博物館の2階には、警視庁の歴史を伝える年表のほか、西南の役をはじめ、明治初期の内戦の様子を伝える錦絵や、本物の武器なども展示されています。
 見学の親子連れに人気があるのは、4階。
 警察活動についてのクイズや、モンタージュ・ゲームや、テレビや映画でお馴染みの鑑識課の機材も展示されているんです。ここでは警視庁音楽隊のコーナーが充実しています。ファンファーレ・トランペットが置かれています。 1964年(昭和39)10月10日、日本国中が注目する中、今でも記憶に残っている東京オリンピック・ファンファーレ演奏に使われたトランペットです。
 警察博物館の3階は、特別な場所です。5月6日まで、「人の礎〜 故宮本警部を偲ぶ」と題した特別展が開かれています。明治7年の警視庁創設以来の殉職者総数は、実に○○○人で、この中には西南の役、関東大震災、太平洋戦争での殉職者も含まれています。以前にこの「東京歴史探訪」でも取り上げましたが、戦争前は消防の組織も警視庁に属していましたから、その方々も含まれているんです。現在、警視庁管内には101の警察署があり、42000人の警察官が社会の平和を守る仕事に就いています。多くの警察官が活動してきた歴史と、現在の活動を知るには、絶好の施設なのではないでしょうか。
 入場は無料、休館は月曜日で、10時から18時まで開館されています。
 最寄り駅は、東京メトロ銀座駅と京橋駅です。

4月26日(木)放送分 + + + + + + + + + + + + + + + + + + + + +
今日は、中央区日本橋浜町にある「ボタンの博物館」をご紹介します。

ボタンの博物館、先日ご紹介した豪華な花の牡丹ではなく、スーツやワイシャツに欠かせないボタンなんです。実は、大手ボタンメーカー、アイリスの相談役、大隅浩さんが、営業の参考にと買い集めたものを、博物館にして一般公開することにしたんです。
 世界初のボタン博物館がオープンしたのは、1988年のことでした。その後、ドイツと中国にも同じような施設が出来ましたが、規模が違います。コレクションの数、およそ4000点、そのうちの1700点が展示されていて、時々展示替えが行われるんです。 博物館を作った理由、伺ってみました。学芸員の金子泰三さんです。
ボタンの歴史は古く、古代ギリシャの時代には既に盛んに使われていました。はじめのうちは、実用性からではなく、「ステータス・シンボル」だったようです。実用から外れたボタンは、長く人気を集めておりまして、精密な工芸品として世界各国で競って作られました。
 それにしても、ボタンの材料の種類の多いこと、苦労の跡が伺えます。
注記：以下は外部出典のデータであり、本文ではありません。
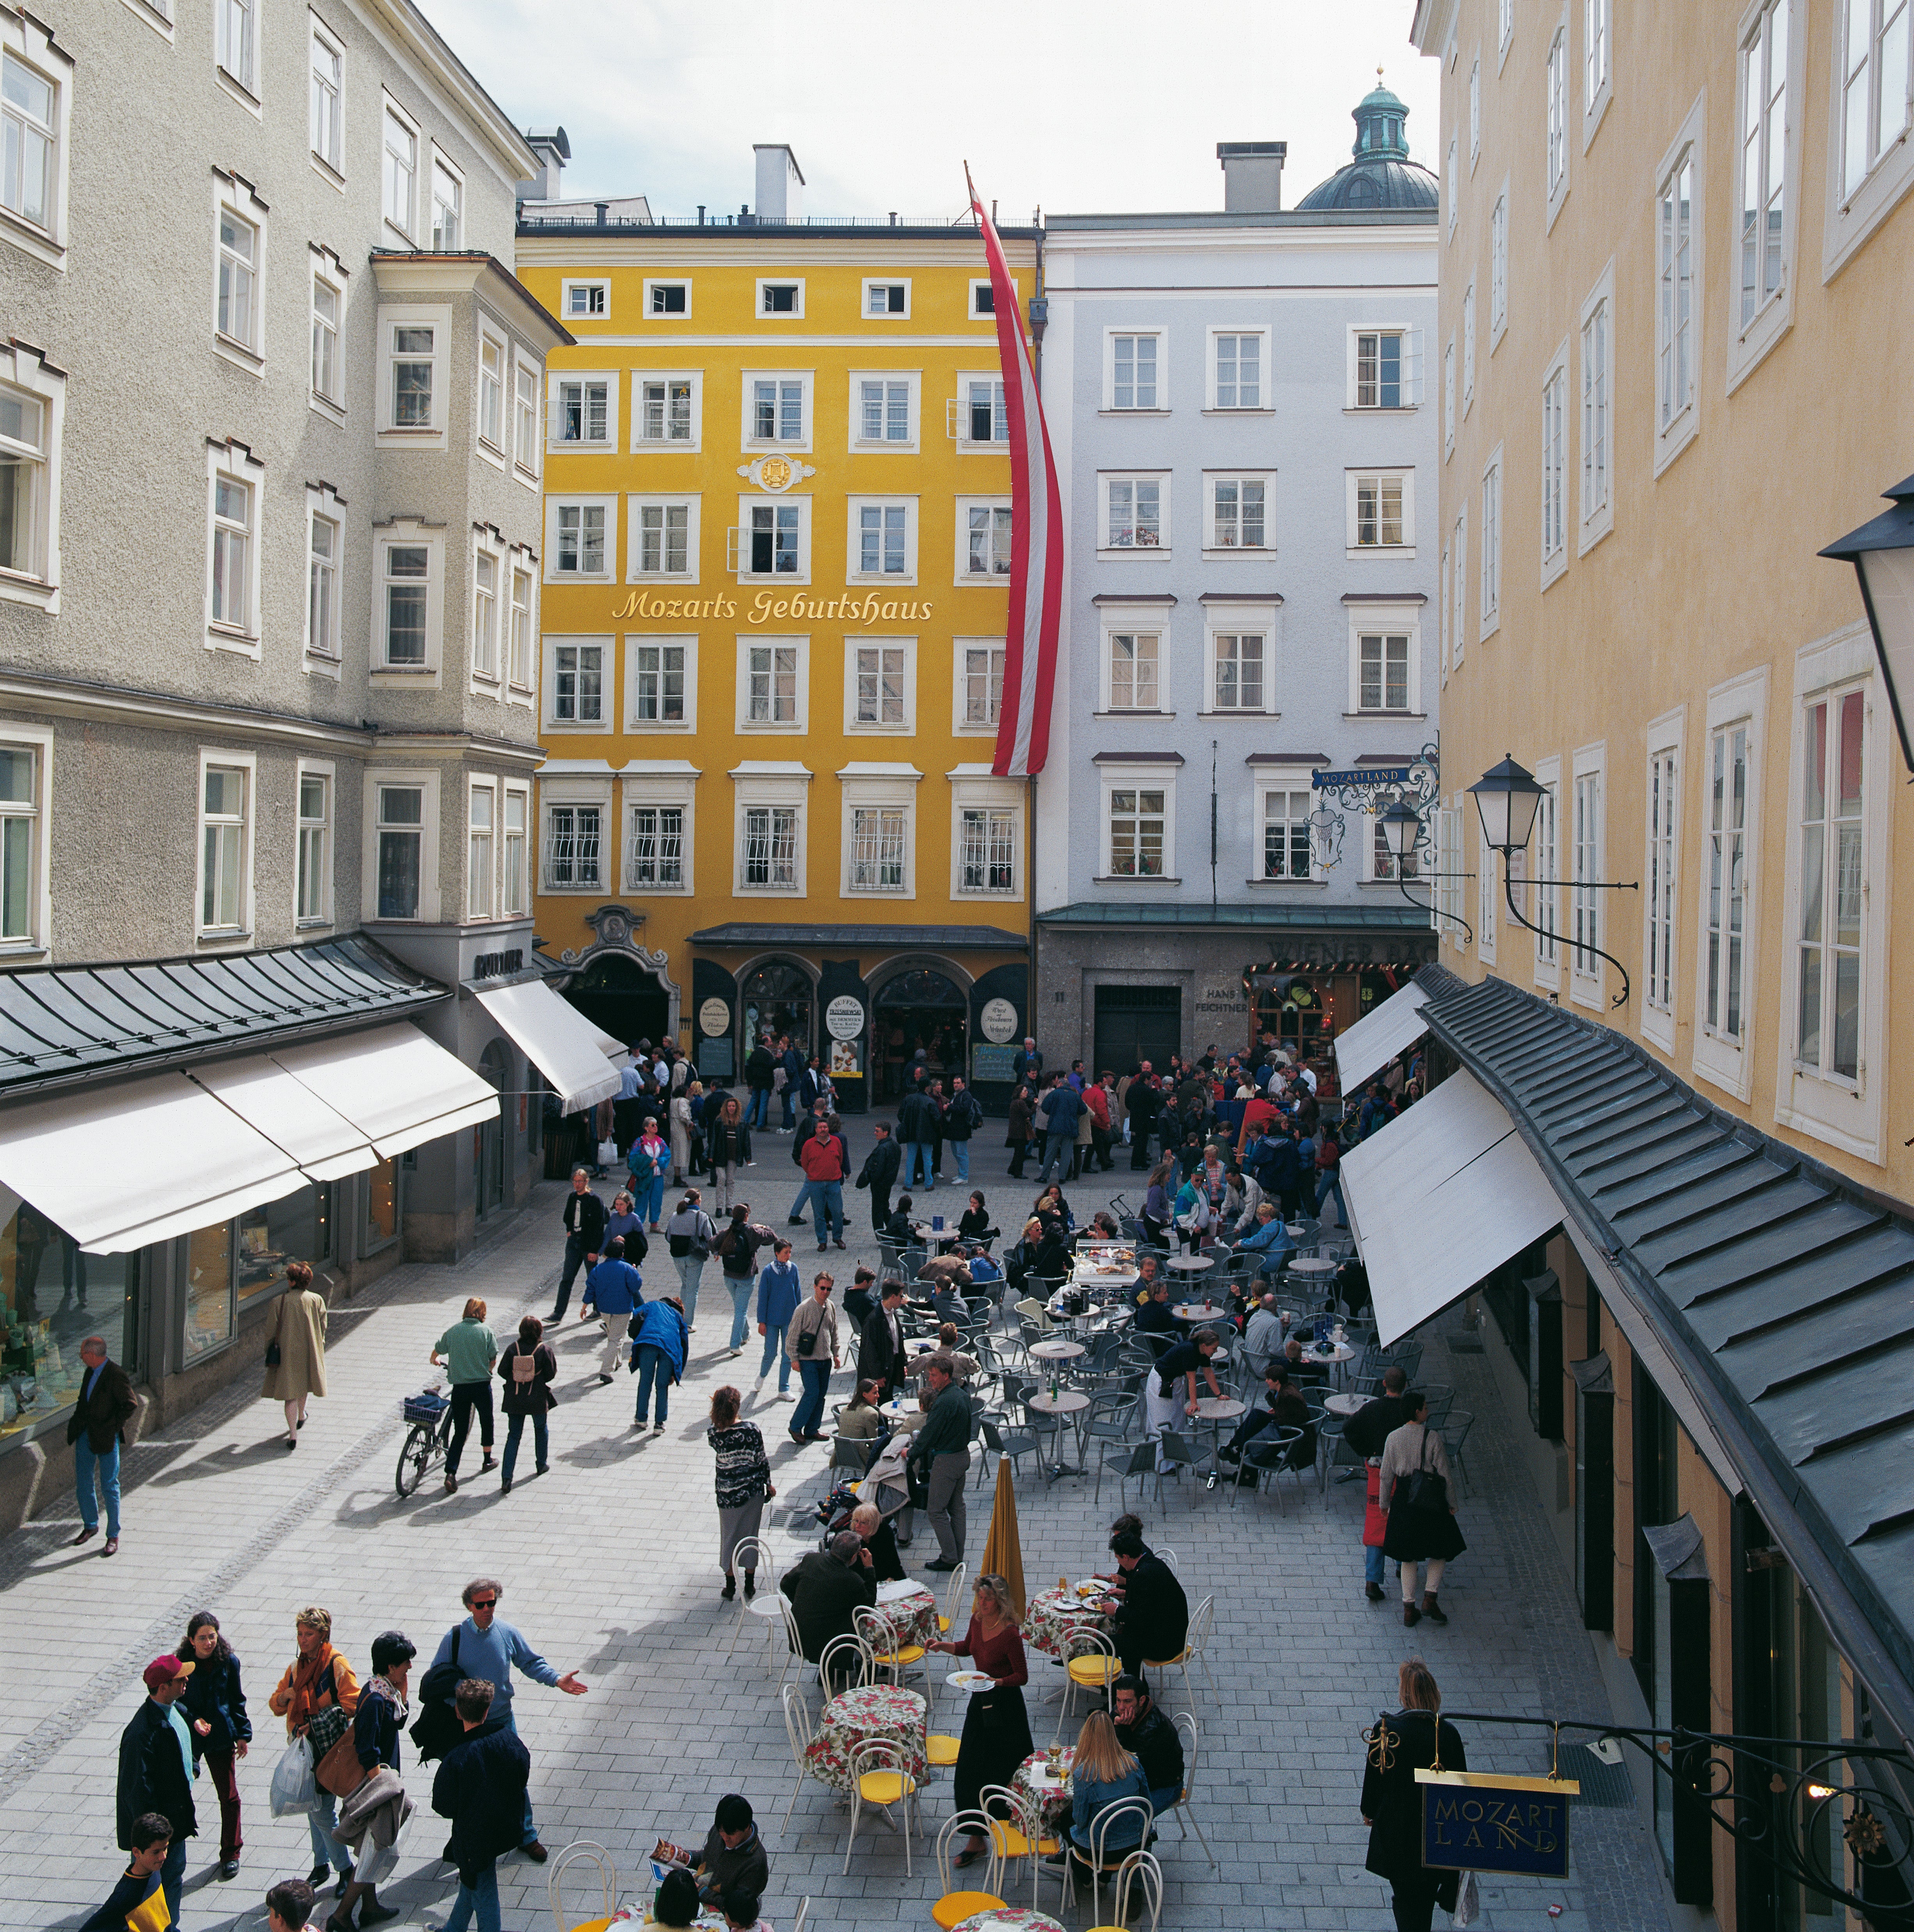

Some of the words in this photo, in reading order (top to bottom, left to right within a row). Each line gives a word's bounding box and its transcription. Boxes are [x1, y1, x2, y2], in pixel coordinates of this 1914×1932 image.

[612, 591, 737, 618] Mozarts
[747, 590, 933, 626] Geburtshaus
[1268, 941, 1373, 964] WIENER
[1055, 991, 1064, 1002] 11
[1207, 989, 1235, 999] HANS
[834, 999, 858, 1008] BUFFET
[1195, 1003, 1247, 1012] FEICHTNER
[1435, 1798, 1558, 1828] MOZART
[1435, 1822, 1558, 1852] LAND
石、革、繊維、植物、金属、貝、角、ガラス、さらには宝石などなど、目的に応じて、さまざまなボタンが作られたんです。そのピークになったのが・・・。
フランス革命前後の時代でした。貴婦人はドレスの上に贅沢な刺繍のボタンをつけて着飾り、グ〜ンと数が増えた軍人たちは、数十個のボタンをつけたきらびやかな軍服を着て、存在を誇示したんです。
このように、ボタンで飾り立てる時期と、実用本位が重んじられる時期には周期がある、と伺いました。およそ100年の周期でして、次は、英国のビクトリア朝の頃が、飾り立てる時期だったんです。
 現在は・・・と申しますと、徹底した実用性の時代が終わって、ようやく上向き始めた段階なんだそうです。
 さて、わが国にボタンが伝わったのは江戸時代の中頃とされておりまして、ポルトガル語の「ボタオ」がなまって、「ボタン」になったようです。現在、わが国にはボタンの日というものが決められております。 1870年(明治3)11月22日、当時の太政官政府が、誕生したばかりの海軍の将校の軍服に、イギリス式の金ボタンをつけたものを制定したことによるといわれます。
 世界的にも珍しいボタン博物館、開館は月曜から金曜までです。
 開館時間は、10時から12時までと1時から5時までとなっています。
 入場料は300円でございます。なお、見学は予約制となっております。ゆっくり見ていただくために、ぜひ、と学芸員の金子さんがおっしゃっていました。
 最寄り駅は、都営地下鉄新宿線の浜町。駅から5分ほど、隅田川に沿ったビルの4階です。

4月27日(金)放送分 + + + + + + + + + + + + + + + + + + + + +
最終日の今日は、中央区京橋にございます筆記具の博物館「パイロット・ペン・ステーション」をご紹介します。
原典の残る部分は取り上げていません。